(Saved entries)
------------
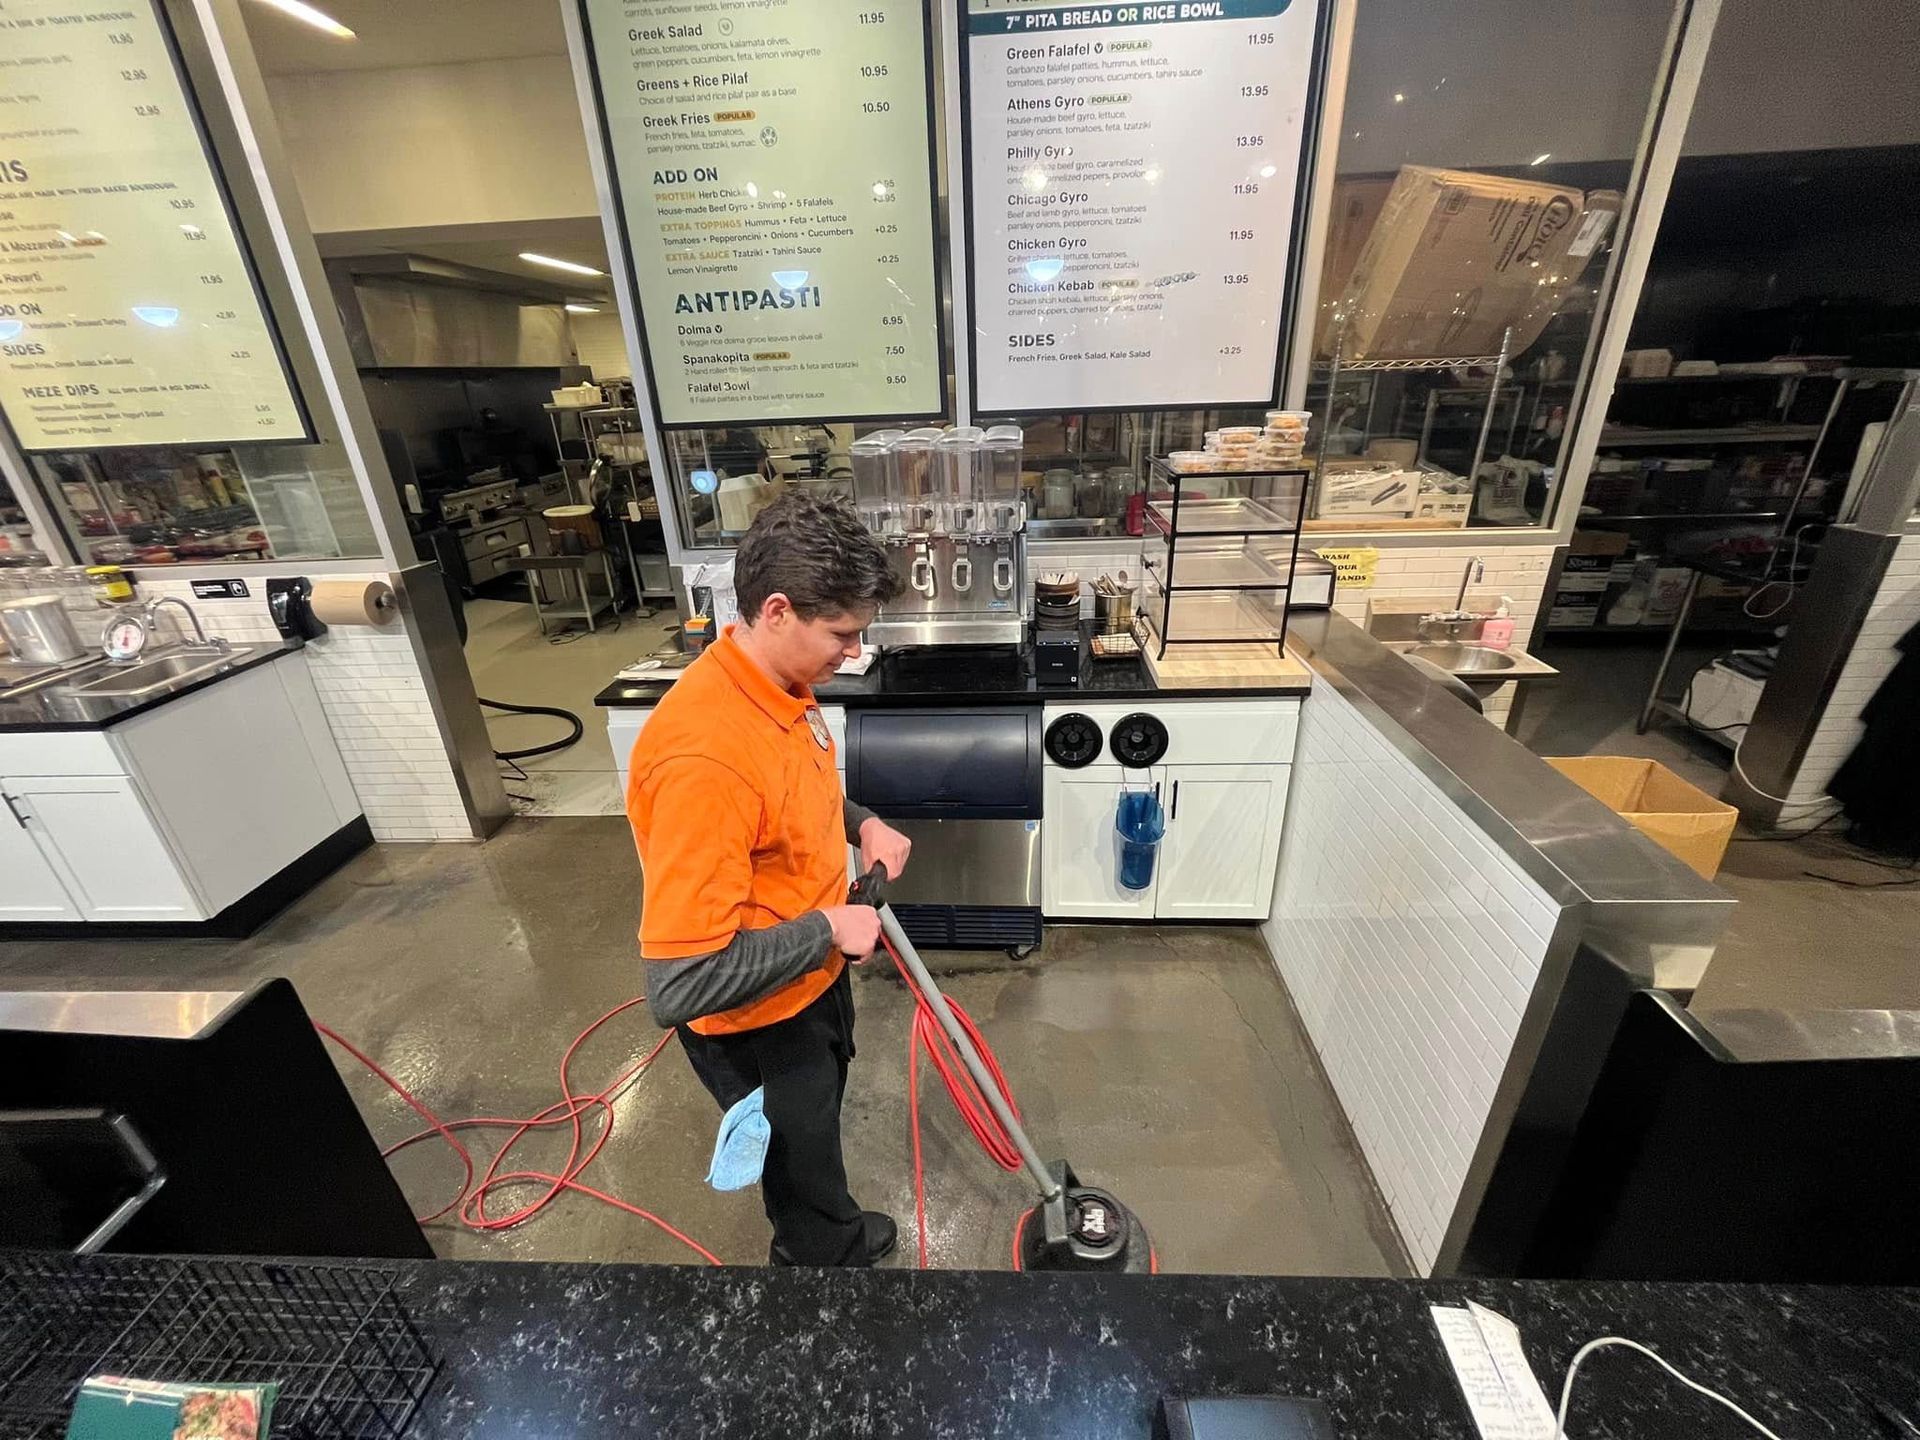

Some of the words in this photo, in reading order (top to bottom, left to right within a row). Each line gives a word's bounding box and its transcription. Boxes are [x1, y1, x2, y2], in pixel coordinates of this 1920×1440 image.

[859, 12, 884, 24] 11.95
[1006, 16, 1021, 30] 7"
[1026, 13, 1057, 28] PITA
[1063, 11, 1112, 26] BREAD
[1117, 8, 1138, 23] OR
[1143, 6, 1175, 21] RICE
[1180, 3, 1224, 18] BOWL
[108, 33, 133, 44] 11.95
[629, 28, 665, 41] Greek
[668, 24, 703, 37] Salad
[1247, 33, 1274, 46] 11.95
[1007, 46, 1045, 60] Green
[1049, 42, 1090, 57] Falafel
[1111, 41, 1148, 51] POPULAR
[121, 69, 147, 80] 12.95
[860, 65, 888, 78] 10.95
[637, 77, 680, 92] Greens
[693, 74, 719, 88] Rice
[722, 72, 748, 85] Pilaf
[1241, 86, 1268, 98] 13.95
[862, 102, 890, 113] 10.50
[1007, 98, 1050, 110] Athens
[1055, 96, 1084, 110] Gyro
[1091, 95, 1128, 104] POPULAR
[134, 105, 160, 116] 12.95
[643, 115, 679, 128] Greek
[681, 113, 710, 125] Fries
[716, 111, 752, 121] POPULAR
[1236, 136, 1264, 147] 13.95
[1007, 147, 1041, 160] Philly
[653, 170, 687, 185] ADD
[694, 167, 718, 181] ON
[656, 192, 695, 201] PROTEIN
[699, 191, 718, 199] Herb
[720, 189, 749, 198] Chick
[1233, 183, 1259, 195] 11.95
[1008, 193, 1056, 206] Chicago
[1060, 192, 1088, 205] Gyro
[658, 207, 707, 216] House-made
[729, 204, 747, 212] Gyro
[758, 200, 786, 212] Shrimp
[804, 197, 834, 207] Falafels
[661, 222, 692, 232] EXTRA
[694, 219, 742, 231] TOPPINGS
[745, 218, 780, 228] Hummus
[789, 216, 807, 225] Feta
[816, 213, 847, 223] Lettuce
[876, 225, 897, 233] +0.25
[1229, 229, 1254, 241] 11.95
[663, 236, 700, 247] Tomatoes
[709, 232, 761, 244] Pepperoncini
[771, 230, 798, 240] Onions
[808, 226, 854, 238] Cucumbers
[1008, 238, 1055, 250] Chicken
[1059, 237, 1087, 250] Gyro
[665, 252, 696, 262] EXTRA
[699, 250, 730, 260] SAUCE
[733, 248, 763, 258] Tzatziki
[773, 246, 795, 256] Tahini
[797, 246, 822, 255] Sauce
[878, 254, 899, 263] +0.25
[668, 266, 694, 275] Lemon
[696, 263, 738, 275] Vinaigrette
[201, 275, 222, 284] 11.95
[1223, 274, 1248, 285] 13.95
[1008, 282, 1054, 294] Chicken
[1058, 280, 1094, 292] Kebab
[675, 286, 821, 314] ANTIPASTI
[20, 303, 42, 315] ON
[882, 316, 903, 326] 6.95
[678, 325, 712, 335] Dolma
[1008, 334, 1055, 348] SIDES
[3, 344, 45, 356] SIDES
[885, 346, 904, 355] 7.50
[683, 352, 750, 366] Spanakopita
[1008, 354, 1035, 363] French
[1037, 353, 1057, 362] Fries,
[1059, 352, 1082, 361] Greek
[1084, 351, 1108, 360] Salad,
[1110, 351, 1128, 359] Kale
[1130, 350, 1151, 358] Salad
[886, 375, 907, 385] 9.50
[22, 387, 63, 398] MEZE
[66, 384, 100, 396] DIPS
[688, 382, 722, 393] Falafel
------------
:: WHAT YOU NEED TO DO ::
Pull every line containing "Salad" out of the entries.

:: WRITTEN RESPONSE ::
[668, 24, 703, 37] Salad
[1084, 351, 1108, 360] Salad,
[1130, 350, 1151, 358] Salad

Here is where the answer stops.